__EXERCISE REQUIREMENTS__. Find, in the records below, the line that contains "this 2048×1216 image." and the line that contains "this 1500×1001 image.". Copy those two lines and everything between them exactly, but not the pictures.

__TASK MATERIAL__.
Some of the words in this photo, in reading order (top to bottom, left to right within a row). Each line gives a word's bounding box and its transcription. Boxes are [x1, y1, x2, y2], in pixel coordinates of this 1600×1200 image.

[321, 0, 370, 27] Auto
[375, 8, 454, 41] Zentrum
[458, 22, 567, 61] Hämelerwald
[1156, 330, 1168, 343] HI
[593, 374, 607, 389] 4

* * *

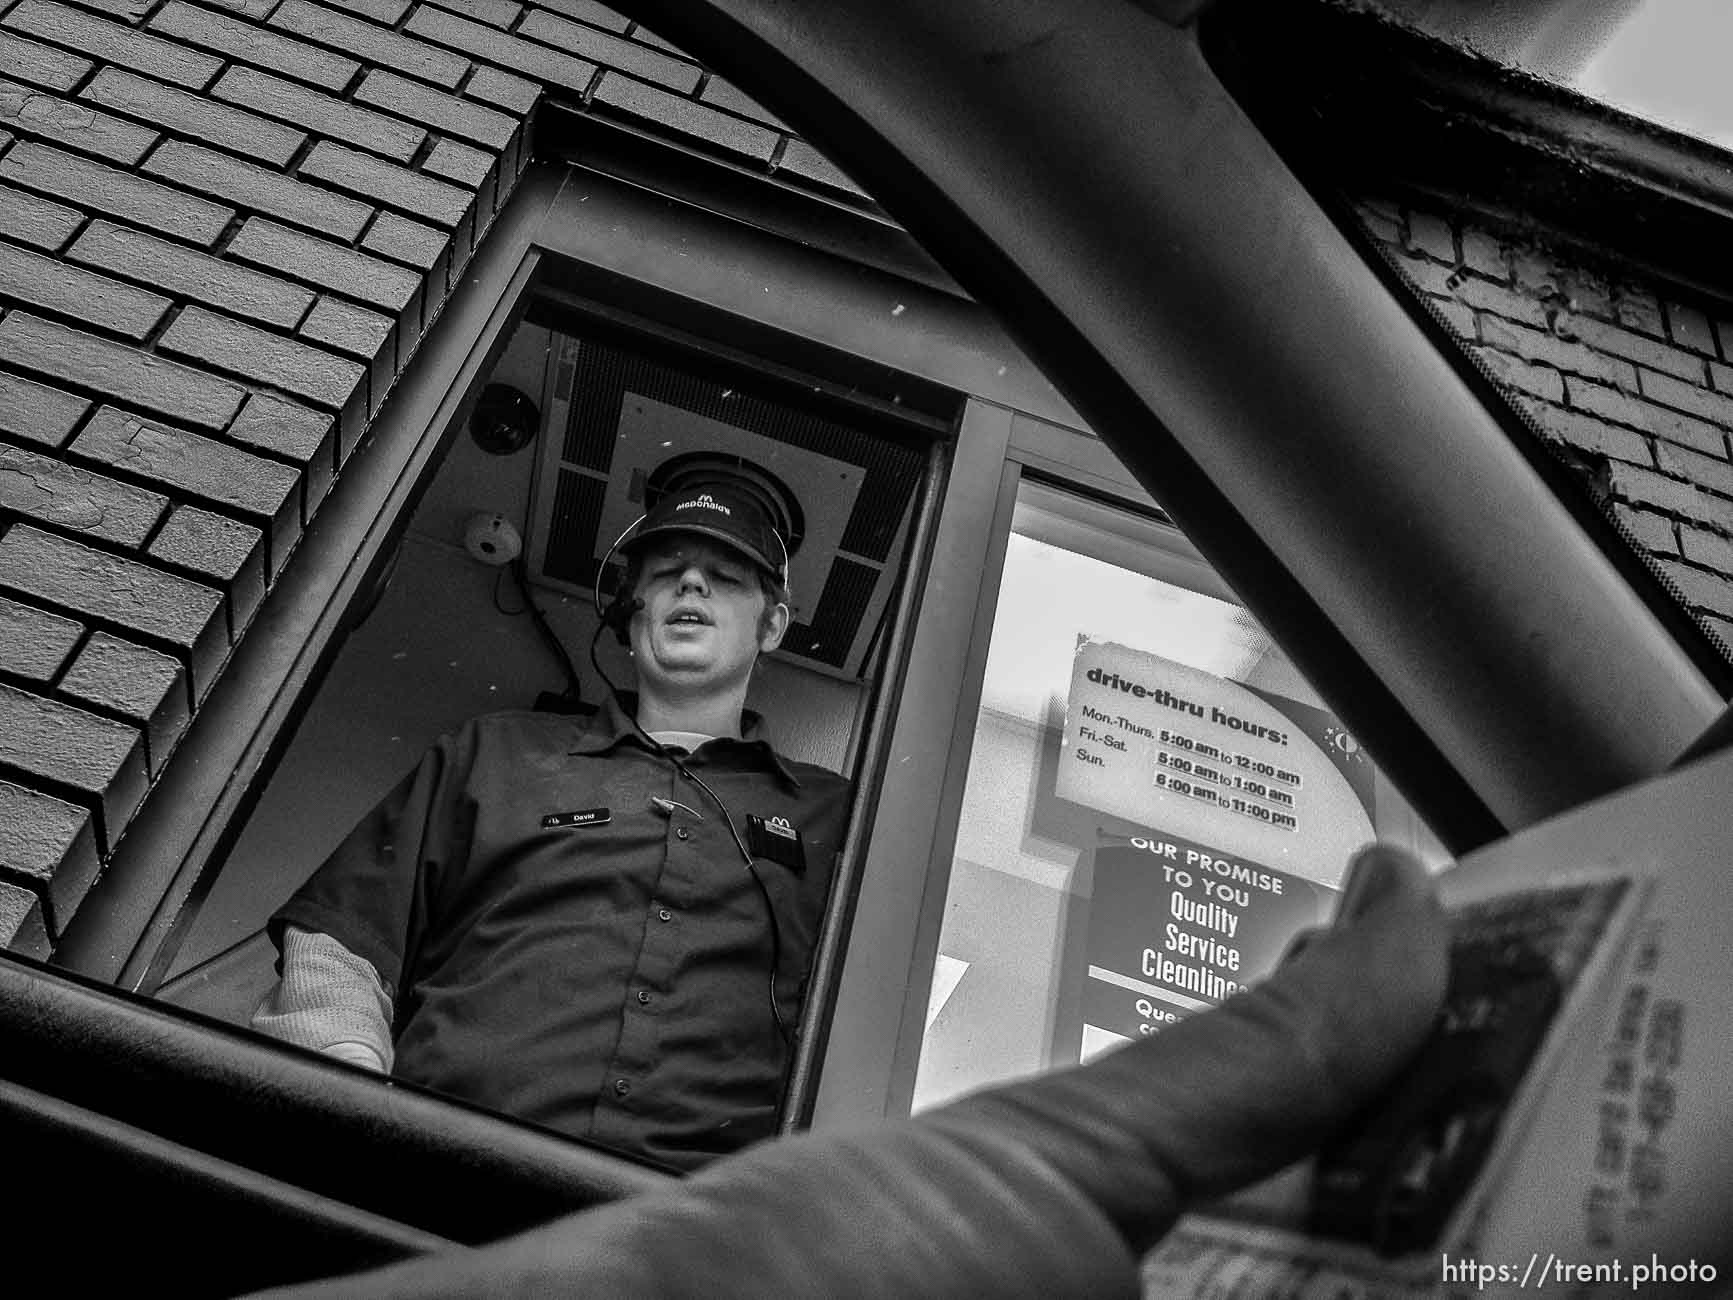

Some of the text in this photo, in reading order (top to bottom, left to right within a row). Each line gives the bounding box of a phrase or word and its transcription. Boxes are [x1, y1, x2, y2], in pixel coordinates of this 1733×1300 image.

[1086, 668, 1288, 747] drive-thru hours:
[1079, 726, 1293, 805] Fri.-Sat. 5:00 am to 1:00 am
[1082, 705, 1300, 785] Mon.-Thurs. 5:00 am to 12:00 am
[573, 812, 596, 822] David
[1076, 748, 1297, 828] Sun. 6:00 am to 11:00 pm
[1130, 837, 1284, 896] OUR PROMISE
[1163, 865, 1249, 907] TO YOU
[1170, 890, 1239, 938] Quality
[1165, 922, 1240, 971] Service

==

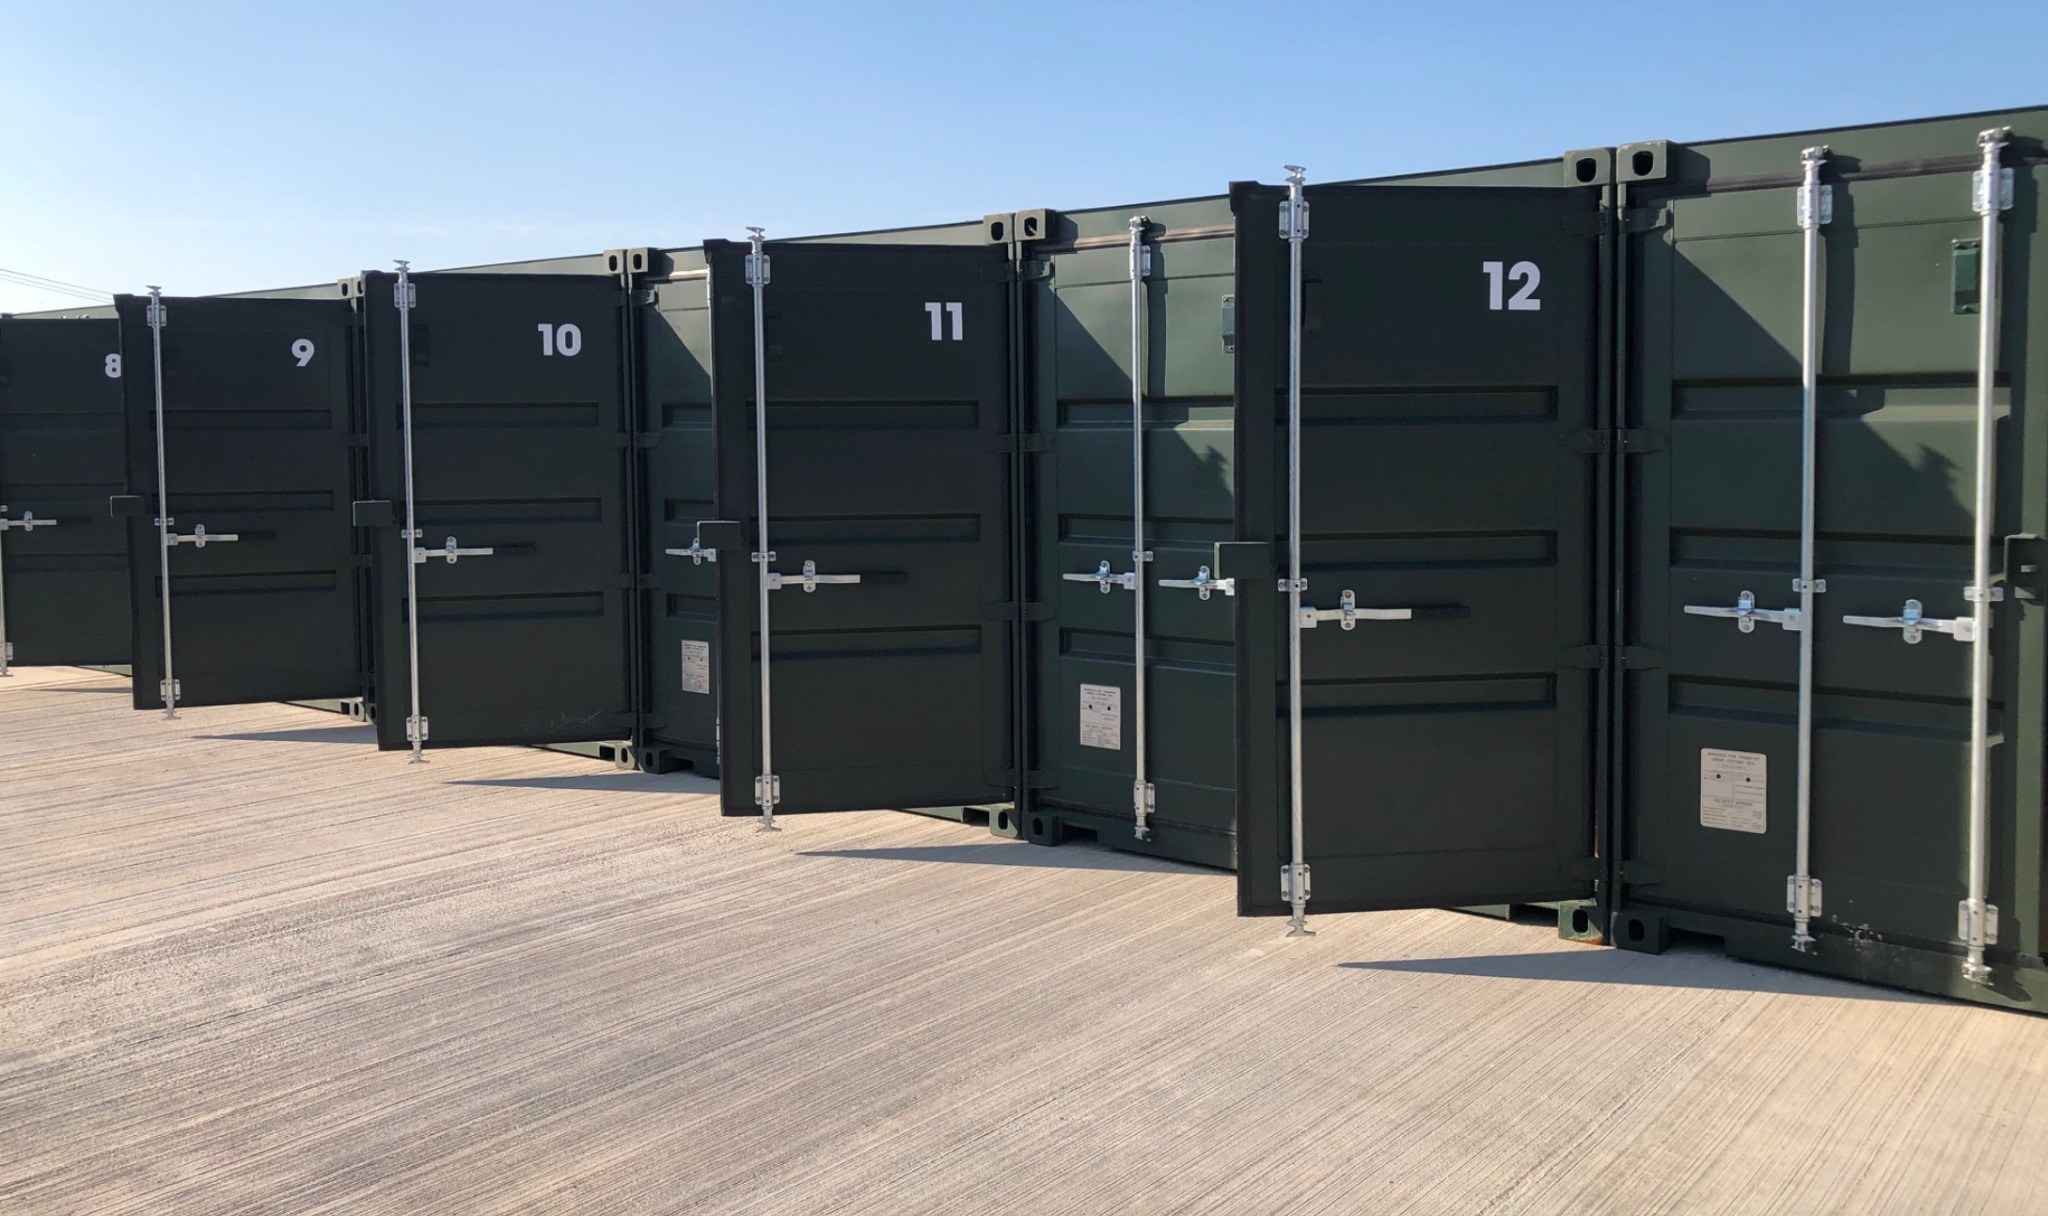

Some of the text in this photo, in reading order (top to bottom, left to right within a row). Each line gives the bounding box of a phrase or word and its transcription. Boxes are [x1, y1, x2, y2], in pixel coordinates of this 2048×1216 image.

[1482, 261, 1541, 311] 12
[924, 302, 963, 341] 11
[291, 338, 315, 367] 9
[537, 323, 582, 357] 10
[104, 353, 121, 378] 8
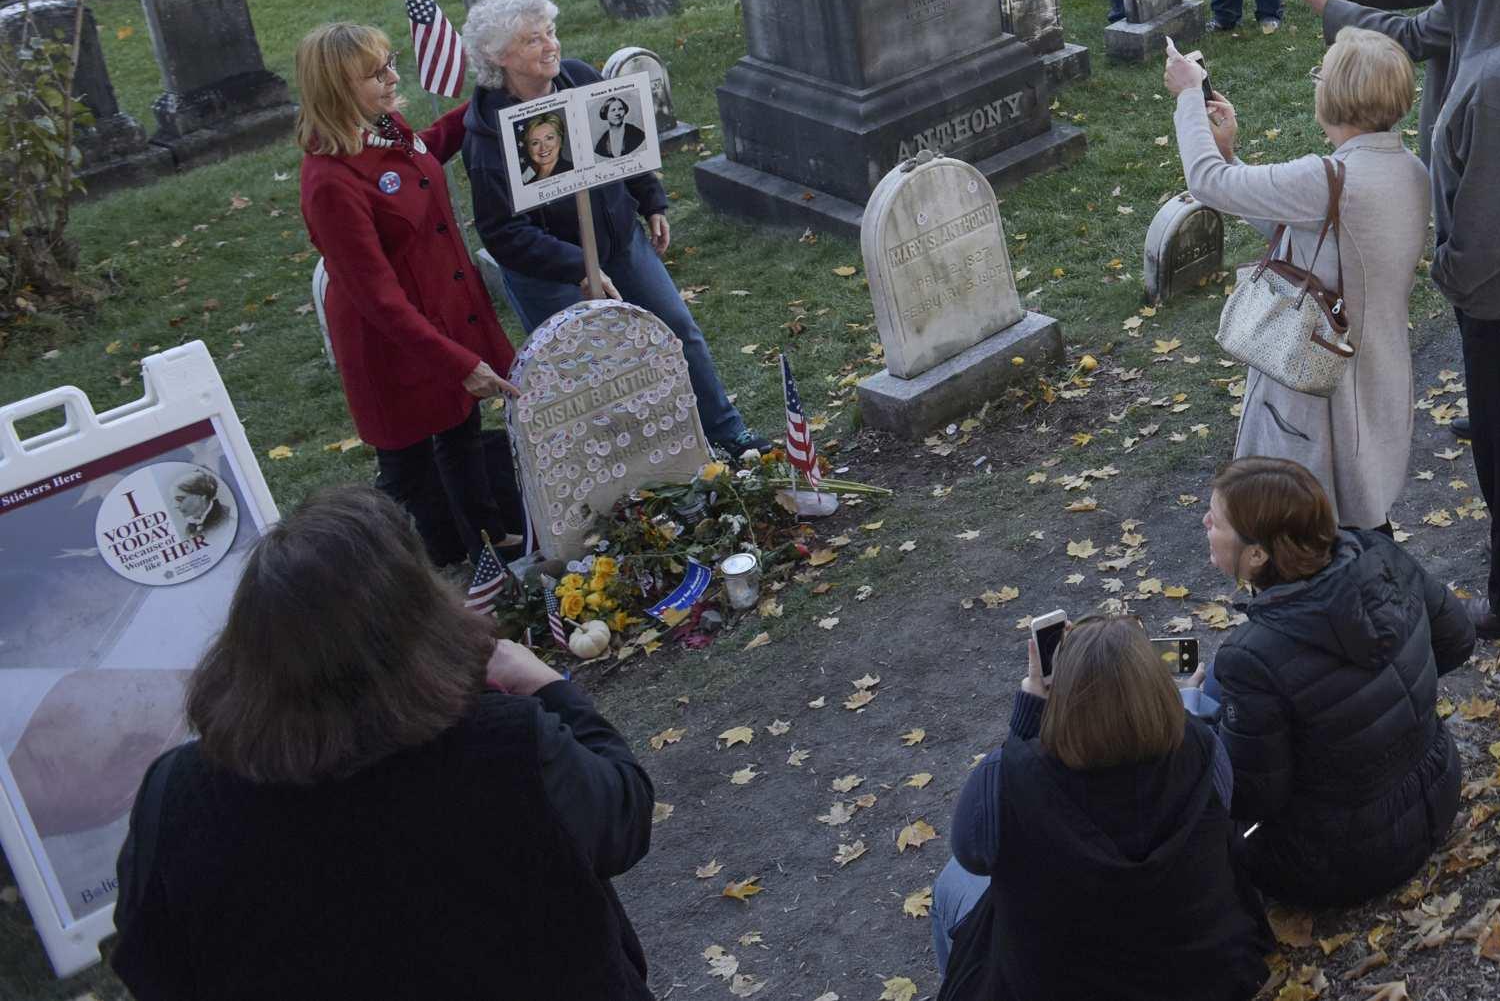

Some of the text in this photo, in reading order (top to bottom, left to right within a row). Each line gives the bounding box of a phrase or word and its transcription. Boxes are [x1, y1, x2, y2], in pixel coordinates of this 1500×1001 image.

__ANSWER TO THIS PROBLEM__.
Some of the text in this photo, in reading order (top to bottom, left to right within a row). Each line gives the bounding box of a phrase or word and its transcription. Boxes are [x1, y1, x2, y2], in pixel coordinates of this 2048×1216 image.

[1482, 261, 1541, 311] 12
[924, 302, 963, 341] 11
[291, 338, 315, 367] 9
[537, 323, 582, 357] 10
[104, 353, 121, 378] 8

Some of the text in this photo, in reading order (top to bottom, left to right within a row). Each line gives the bounding box of a phrase or word and its transcription. Boxes are [x1, y1, x2, y2], in pixel coordinates of this 1500×1001 image.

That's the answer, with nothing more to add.